The Mash-Up - Linda Grant

The Mash-Up

Author: Linda Grant


  • Publication Date: 2016-04-21
  • Category: Literary Fiction

Summary

A short story by Linda Grant from the collection Reader, I Married Him: Stories inspired by Jane Eyre.

In ‘The Mash Up’, a woman recalls the strain of juggling opposing cultures at her wedding.
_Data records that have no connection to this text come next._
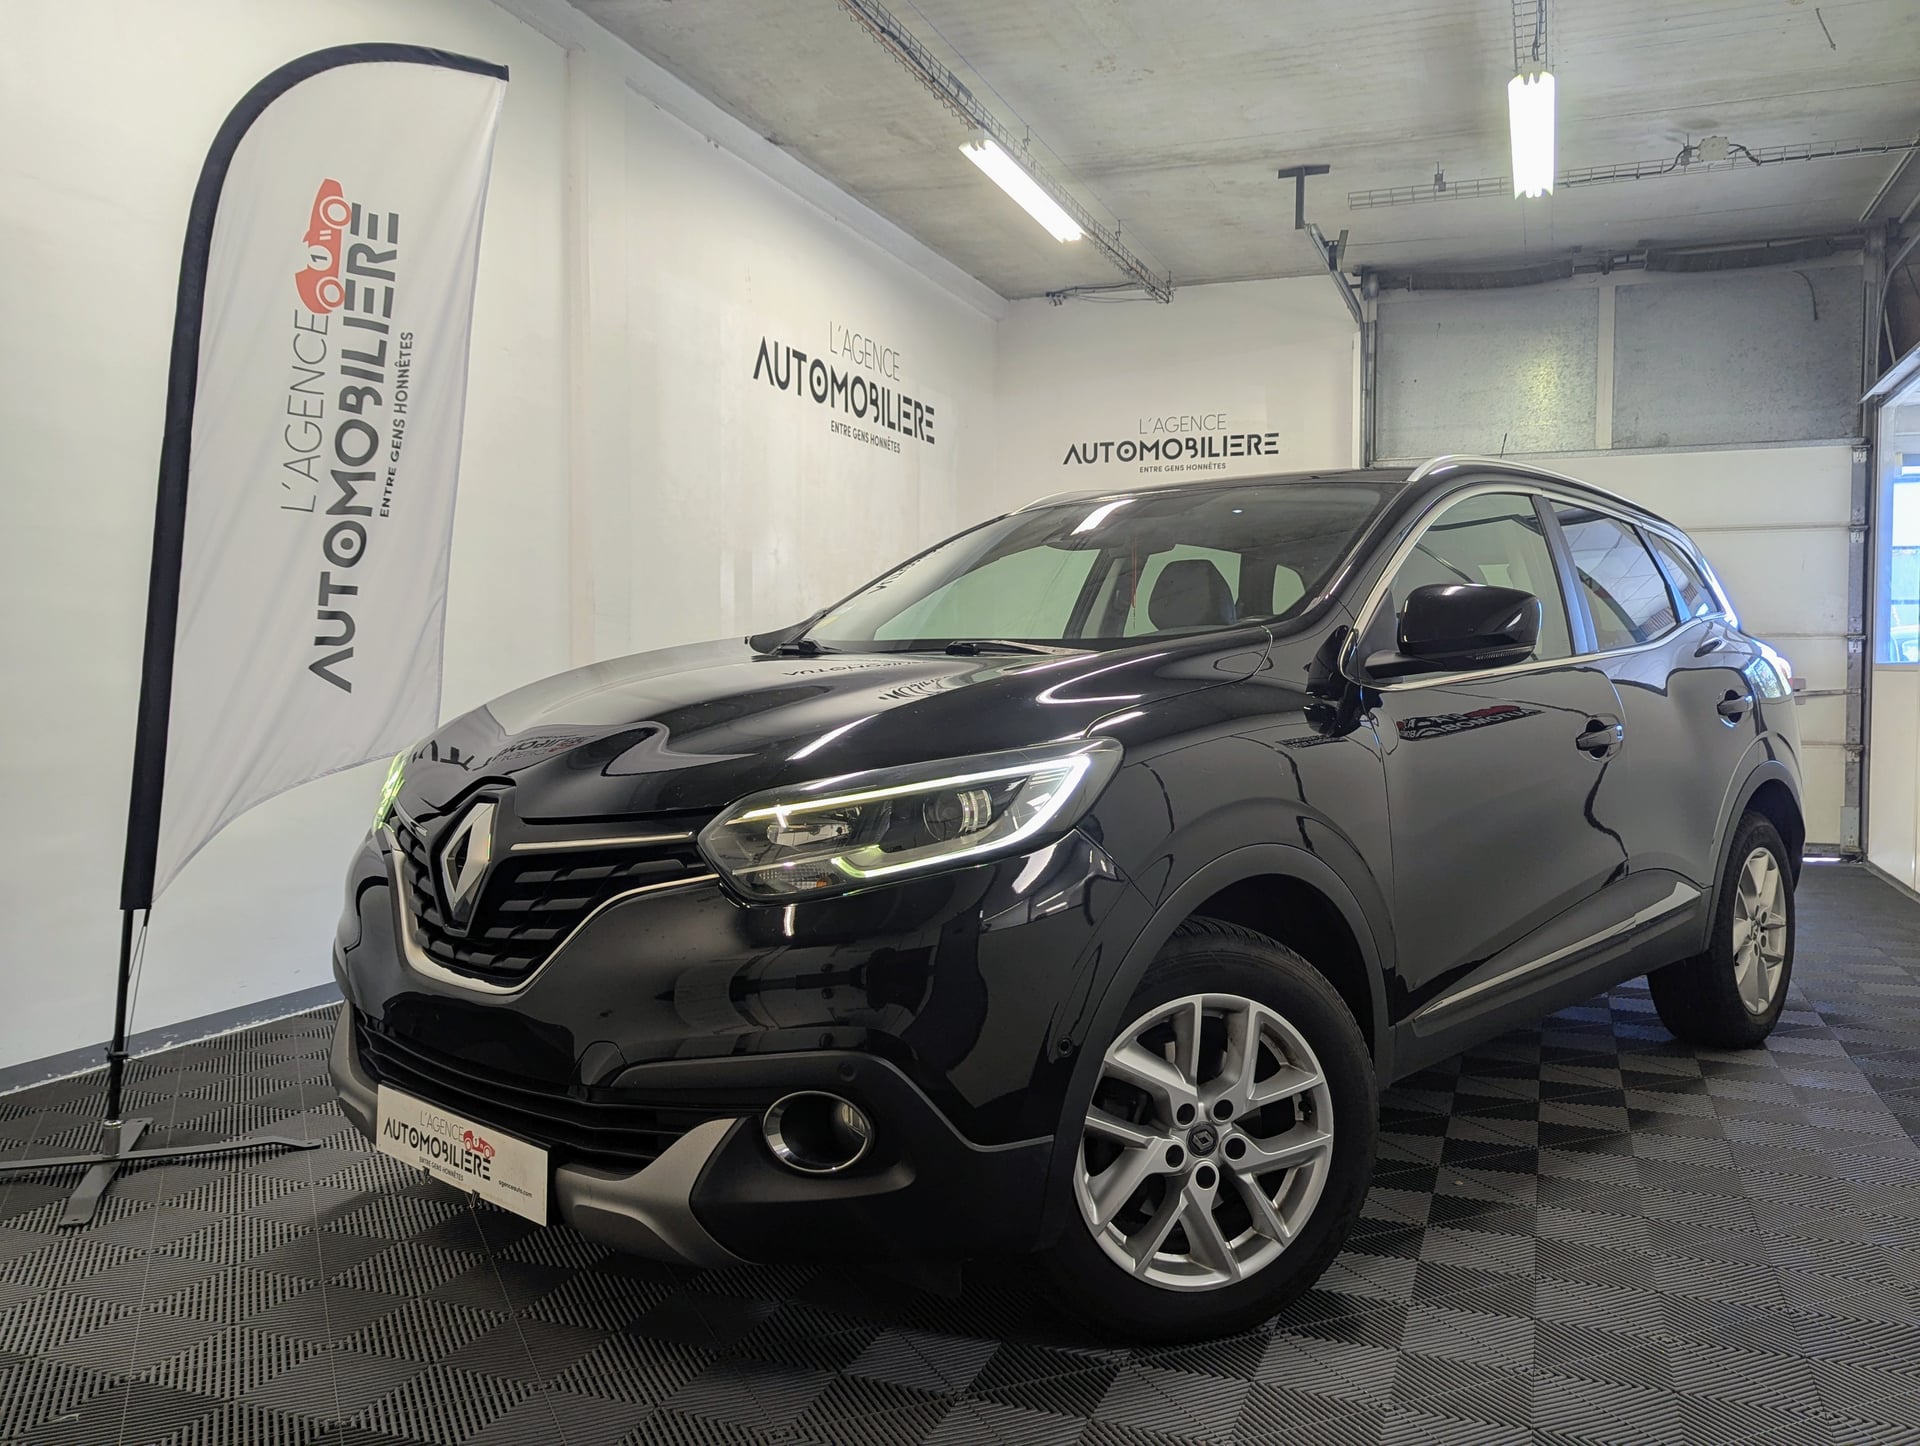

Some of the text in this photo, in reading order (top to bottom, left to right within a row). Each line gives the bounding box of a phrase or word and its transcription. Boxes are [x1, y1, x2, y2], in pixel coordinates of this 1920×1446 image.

[829, 320, 900, 382] L'AGENCE
[280, 309, 329, 512] L'AGENCE
[753, 335, 935, 445] AUTOMOBILIERE
[308, 202, 399, 694] AUTOMOBILIERE
[379, 331, 414, 518] ENTRE GENS HONNÊTES
[830, 420, 901, 454] ENTRE GENS HONNÊTES
[1139, 413, 1227, 435] L'AGENCE
[1062, 432, 1280, 465] AUTOMOBILIERE
[1139, 461, 1226, 474] ENTRE GENS HONNÊTES
[383, 1117, 491, 1182] AUTOMOBILIERE
[419, 1110, 465, 1143] L'AGENCE
[498, 1179, 533, 1198] agenceauto.com
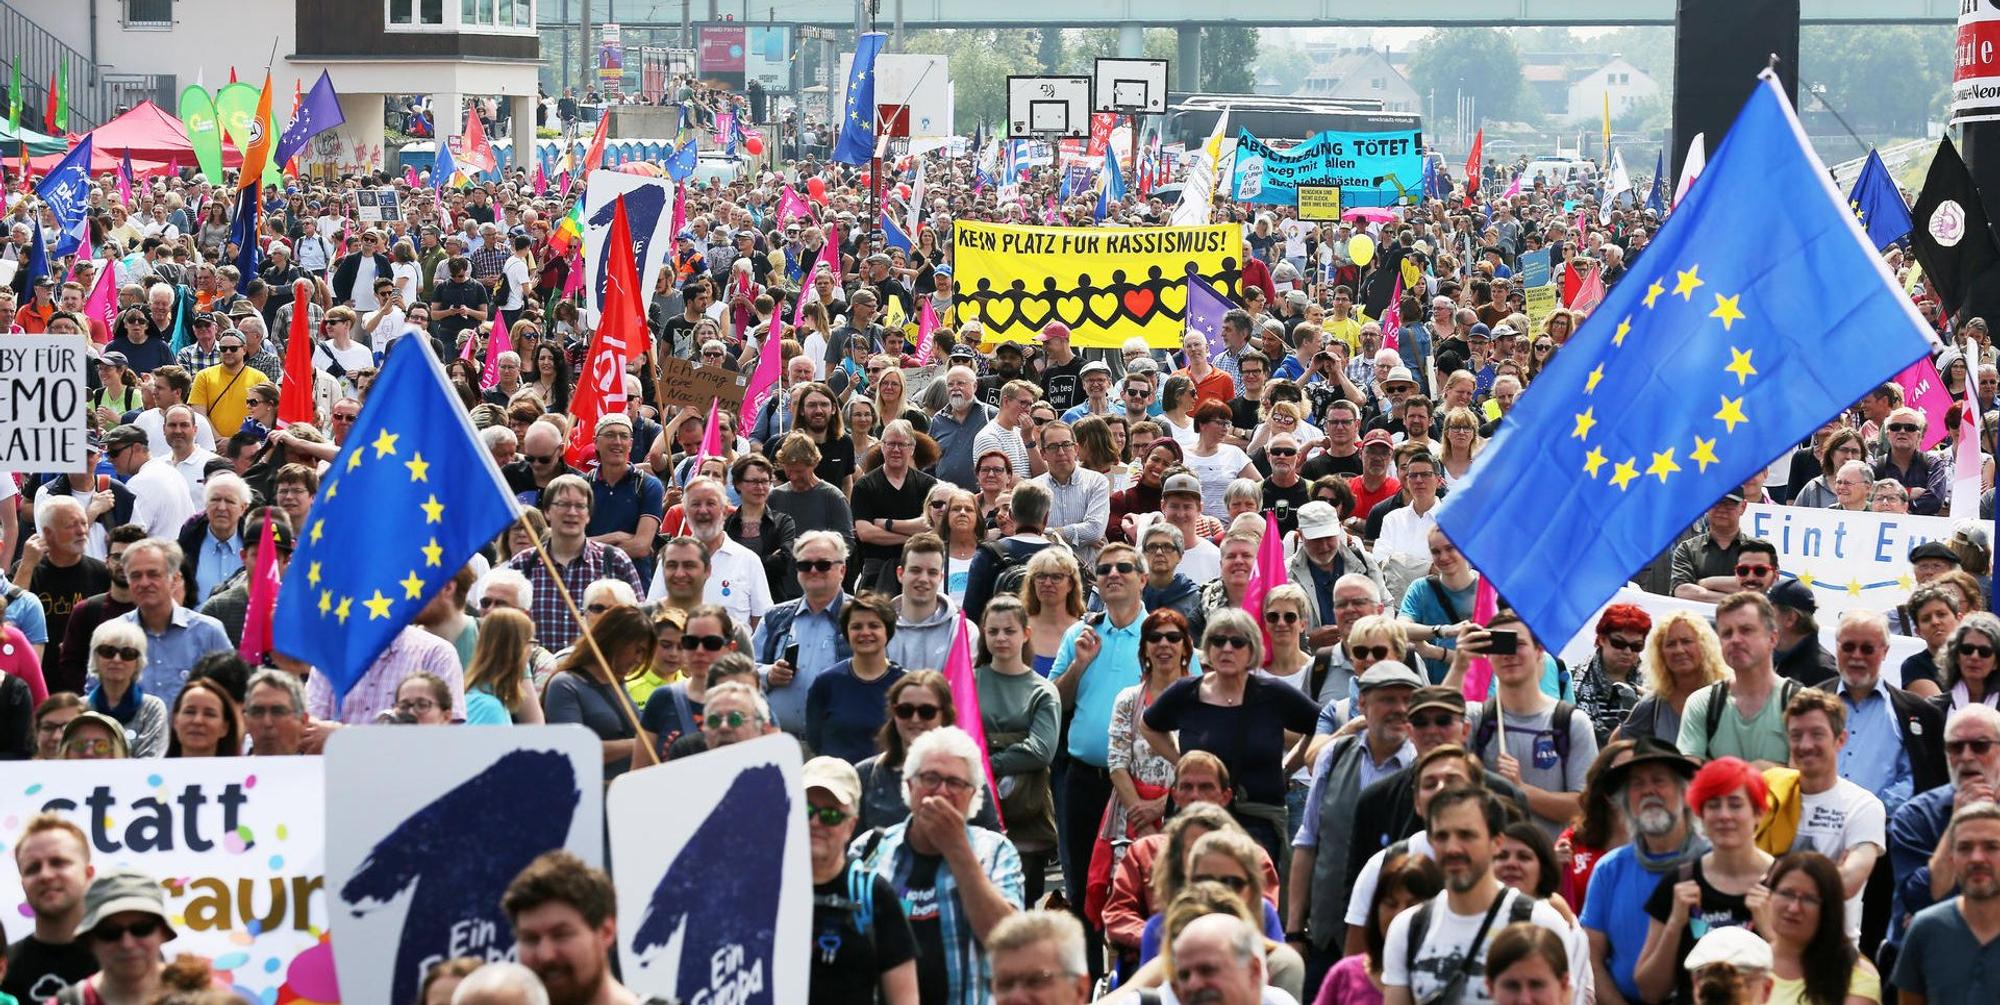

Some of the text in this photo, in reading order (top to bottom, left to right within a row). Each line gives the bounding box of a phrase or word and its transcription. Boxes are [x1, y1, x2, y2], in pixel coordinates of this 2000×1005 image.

[1267, 157, 1355, 178] weg mit allen
[959, 227, 996, 252] KEIN
[1002, 232, 1056, 254] PLATZ
[1106, 230, 1227, 254] RASSISMUS!
[36, 345, 76, 374] FÜR
[668, 360, 727, 389] Ich mag
[0, 428, 77, 462] ATIE
[448, 918, 496, 959] Ein
[711, 944, 744, 990] Ein
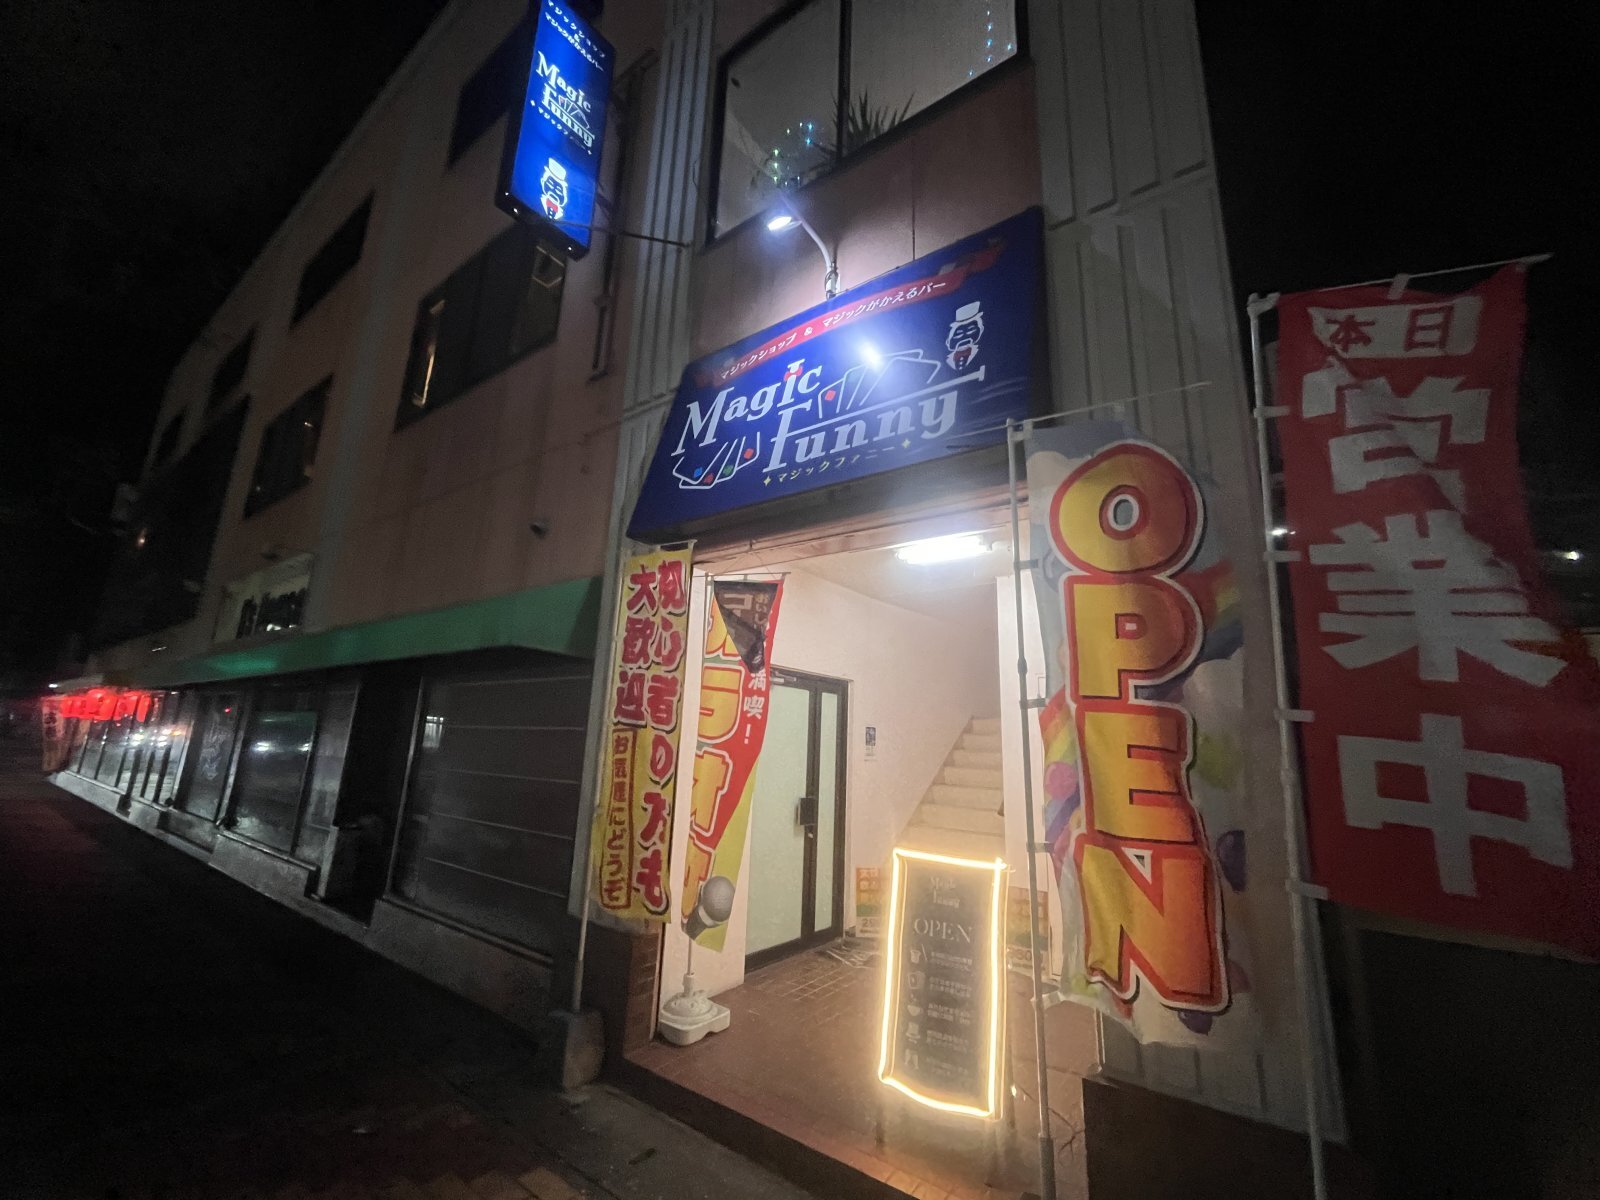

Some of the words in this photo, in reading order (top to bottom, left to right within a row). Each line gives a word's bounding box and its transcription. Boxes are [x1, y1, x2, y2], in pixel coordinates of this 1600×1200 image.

[536, 50, 591, 112] Magic
[541, 82, 595, 148] Funny
[720, 332, 798, 380] マジックショップ
[803, 326, 814, 336] &
[822, 281, 947, 328] マジックがかえるバー
[1327, 303, 1455, 355] 本日
[671, 358, 822, 458] Magic
[763, 365, 986, 473] Funny
[777, 446, 896, 483] マジックファニー
[613, 563, 658, 724] 大歓迎
[1301, 358, 1574, 899] 営業中
[1049, 440, 1231, 1013] OPEN
[913, 918, 973, 944] OPEN
Edited by Tracy Chevalier, the full collection, Reader I Married Him, brings together some of the finest and most creative voices in fiction today, to celebrate and salute the strength and lasting relevance of Charlotte Brontë’s game-changing novel and its beloved narrator.

Reviews

Praise for the full collection, READER, I MARRIED HIM:

‘Dazzling’ DAILY MAIL

‘The success of this book owes much to [Chevalier’s] enthusiasm … it’s quite amazing to see the quality of work on show’ EVENING STANDARD

‘A terrific set of stories by some of our leading novelists, each of whom engages with a chosen aspect of Jane Eyre’ THE NEW STATESMAN

‘A clever idea well-executed; a treat for fans of short fiction and for Brontë's many ardent fans’ KIRKUS REVIEWS

‘Exemplary…written by some of today's best female writers’ THE CHICAGO TRIBUNE

‘These pieces create a beguiling picture of women and men and desire, in which everyone is searching, like Jane, for happiness and wondering whether marriage is really an answer. The book acts as a prism spreading all kinds of literary and historical refractions, and it’s a reminder that Charlotte Brontë, too, has many sides’ GLOBE AND MAIL

About the author

Linda Grant is the author of six novels and four works
of non-fiction. Her second novel, When I Lived in Modern Times, won the Orange Prize for Fiction. The Clothes on
Their Backs was shortlisted for the Man Booker Prize. Her
family memoir, Remind Me Who I Am, Again, won the Mind
Book of the Year and the Age Concern Book of the Year. She
lives in London. Linda Grant’s copy of Jane Eyre is a navy
blue hardback with the Latin motto of her school embossed
in gold on the cover. It was awarded for winning the Rosa
B Chambers prize for Reading Aloud, an accomplishment
which finally found an application at literary festivals.